Dillashaw is the favorite, with the line ranging from -201 (bet $201 to win $100) to -235 at various sportsbooks, according to bestfightodds.com. The line on Barão ranges from +175 (bet $100 to win $175) to +186.

Prediction

Bill Parcells used to say, “I go by what I see.”

If all you saw from T.J. Dillashaw and Renan Barão was what happened at UFC 173, the pick here would be as easy as scheming an NFL defense around Lawrence Taylor.

But both the champion and the former belt holder have deeper histories than that.

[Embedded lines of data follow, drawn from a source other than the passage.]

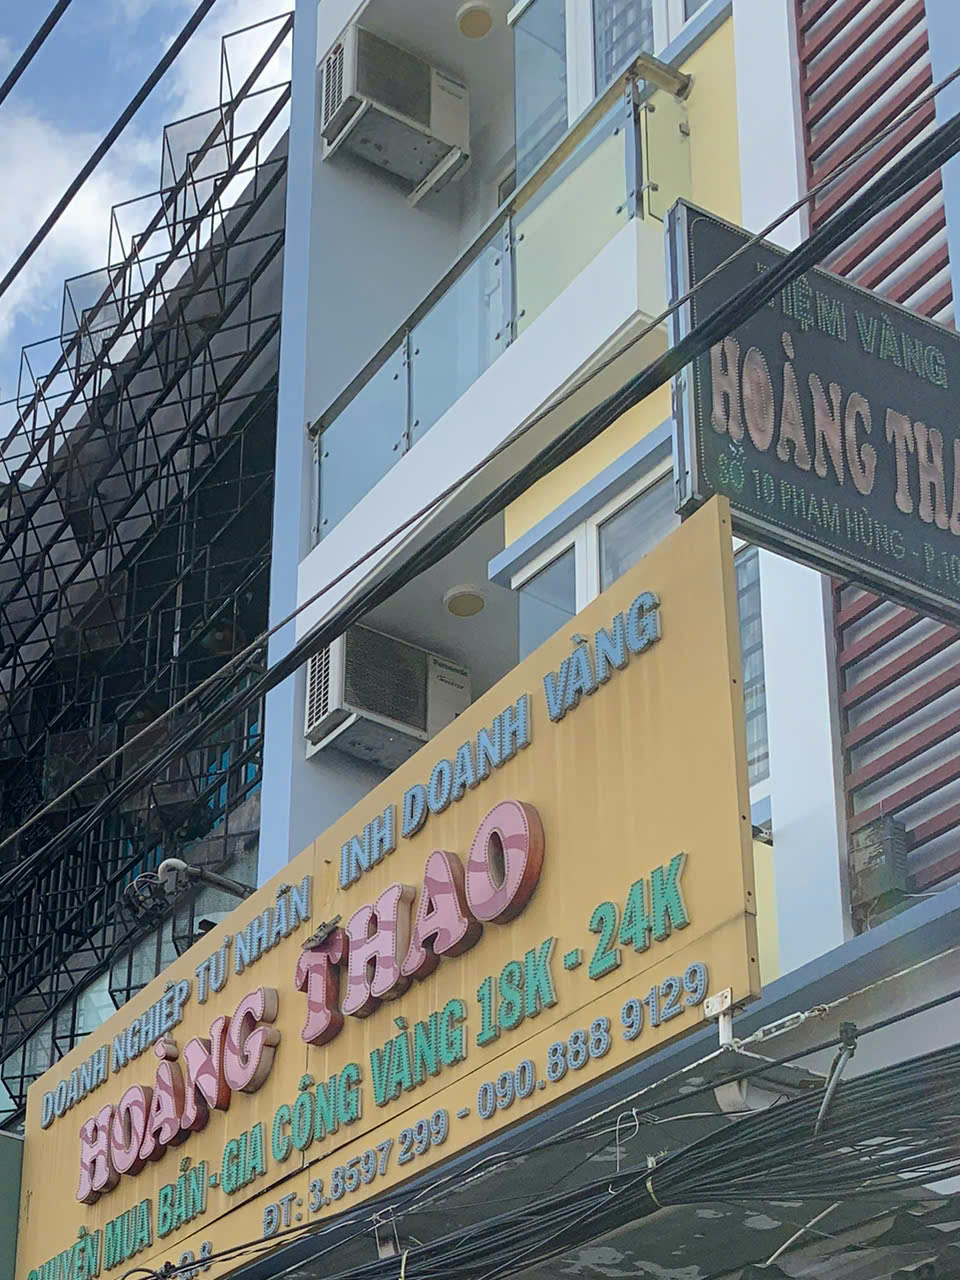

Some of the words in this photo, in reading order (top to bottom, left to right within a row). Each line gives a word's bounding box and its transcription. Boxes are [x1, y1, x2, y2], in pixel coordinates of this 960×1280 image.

[710, 331, 877, 496] HOÀNG
[757, 262, 847, 341] IỆM
[856, 313, 948, 388] VÀNG
[718, 439, 746, 490] SỐ
[750, 467, 775, 504] 10
[780, 480, 841, 535] PHẠM
[846, 503, 907, 561] HÙNG
[40, 1044, 110, 1130] DOANH
[112, 979, 192, 1073] NGHIỆP
[195, 935, 232, 1005] TƯ
[234, 875, 314, 974] NHÂN
[339, 804, 397, 889] INH
[401, 693, 532, 839] DOANH
[543, 591, 662, 723] VÀNG
[76, 986, 281, 1204] HOÀNG
[104, 1198, 152, 1270] MUA
[222, 1122, 267, 1194] GIA
[271, 1062, 362, 1163] CÔNG
[370, 998, 468, 1108] VÀNG
[477, 936, 558, 1047] 18K
[588, 851, 690, 980] 24K
[262, 1192, 303, 1238] ĐT:
[308, 1138, 393, 1213] 3.8597
[397, 1108, 448, 1165] 299
[478, 1016, 611, 1120] 090.888
[620, 962, 708, 1042] 9129

Dillashaw has fought a dozen other fights as a pro, and all in all he’s looked fine, but not necessarily like a world beater, either. Barão has 35 other bouts under his belt, all but two of them victories, and while he padded the record with plenty of anonymous conquests down in Brazil, he also owns two wins over Urijah Faber as well as impressive stoppages of some others who’ve spent time in the top 10.

So it’s complicated.

The thinking here is that May 24, 2014, was simply Dillashaw’s night. And that this Saturday will be the other guy’s. Barão by TKO.

Fighting Words

“I’m going to be able to dominate him with my speed. I’m just a better fighter all around.”

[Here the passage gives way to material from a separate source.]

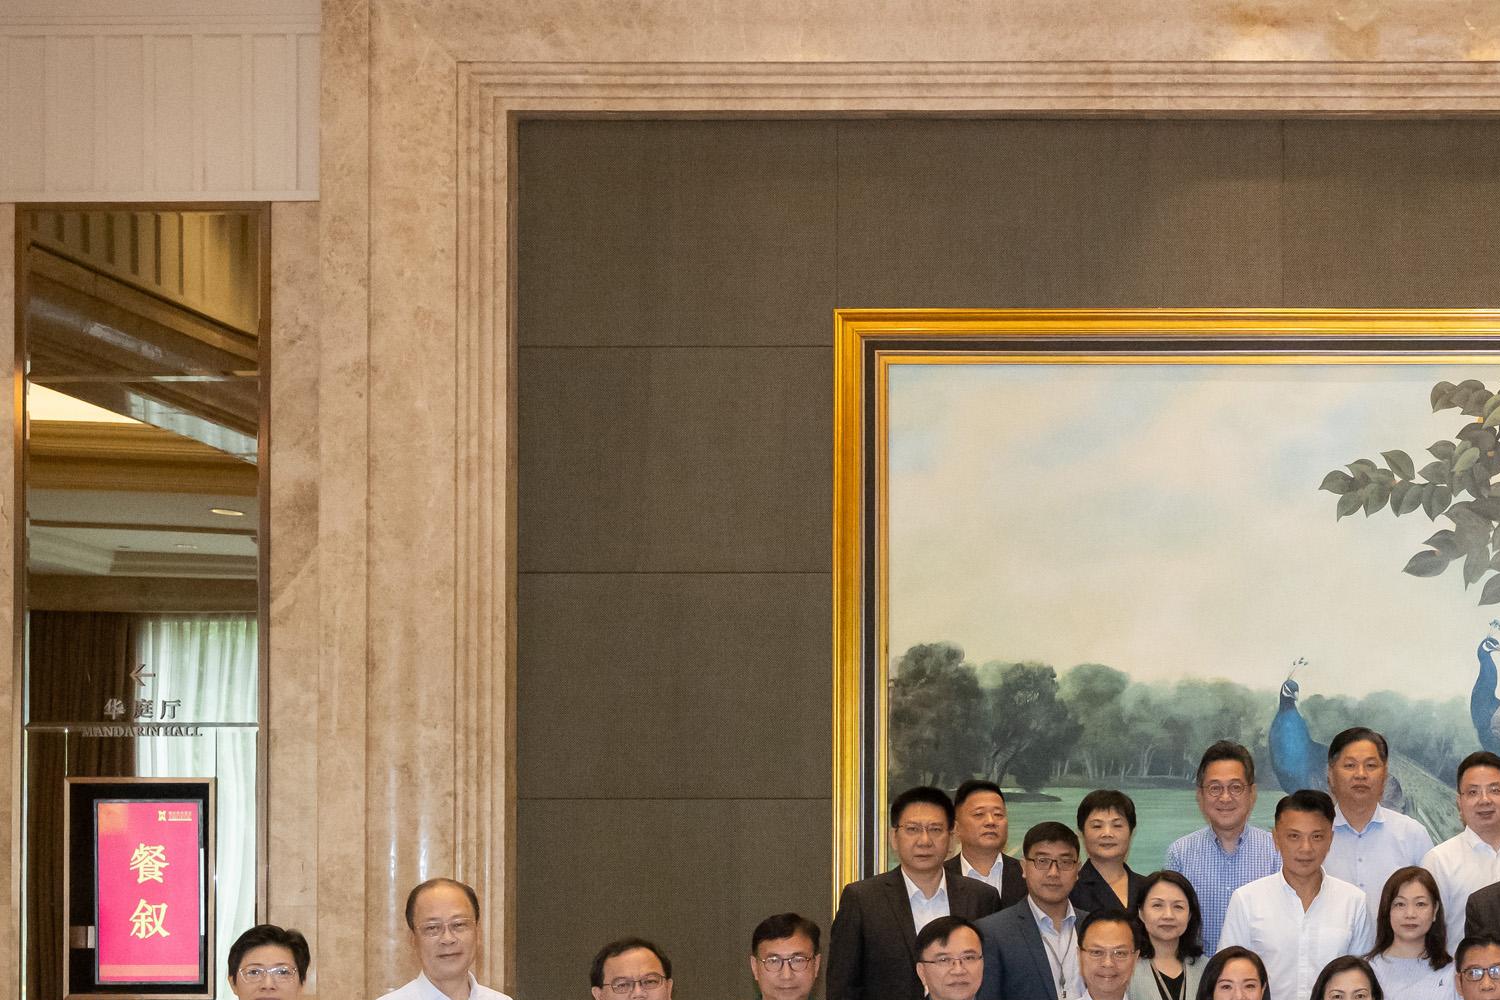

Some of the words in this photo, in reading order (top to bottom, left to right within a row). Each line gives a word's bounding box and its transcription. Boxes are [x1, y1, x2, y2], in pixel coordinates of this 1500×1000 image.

[103, 698, 181, 720] 华庭厅
[81, 726, 160, 737] MANDARIN
[163, 726, 203, 737] HALL
[129, 843, 170, 940] 餐叙

– T.J. Dillashaw on Renan Barão during a UFC press conference

“I know I’m fast enough to trade shots with him, but unfortunately I got caught and I was like a zombie from then on.”

– Barão, speaking with the Brazilian magazine Tatame about the first Dillashaw fight

The rest of the card

Miesha Tate vs. Jessica Eye, women’s bantamweight; Edson Barboza vs. Paul Felder, lightweight; Joe Lauzon vs. Takanori Gomi, lightweight.

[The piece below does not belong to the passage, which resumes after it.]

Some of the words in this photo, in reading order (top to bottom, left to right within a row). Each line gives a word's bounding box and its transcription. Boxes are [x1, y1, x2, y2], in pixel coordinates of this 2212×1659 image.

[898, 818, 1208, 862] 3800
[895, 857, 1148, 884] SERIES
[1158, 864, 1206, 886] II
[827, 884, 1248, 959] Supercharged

Preliminary card (6 p.m. ET, Fox): Gian Villante vs. Tom Lawlor, light heavyweight; Jim Miller vs. Danny Castillo, lightweight; Kenny Robertson vs. Ben Saunders, welterweight; Eddie Wineland vs. Bryan Caraway, men’s bantamweight.

Online prelims (4:15 p.m., UFC Fight Pass): Daron Cruickshank vs. James Krause, lightweight; Ramsey Nijem vs. Andrew Holbrook, lightweight; Jessamyn Duke vs. Elizabeth Phillips, women’s bantamweight; Zak Cummings vs. Dominique Steele, welterweight.

Programming Notes

Mike Goldberg will handle blow-by-blow and Joe Rogan analysis for the main-card and prelims telecast on Fox as well as online prelims on the UFC Fight Pass. There will be an hour-long postfight show on Fox Sports 1, starting at 10:30 p.m. ET.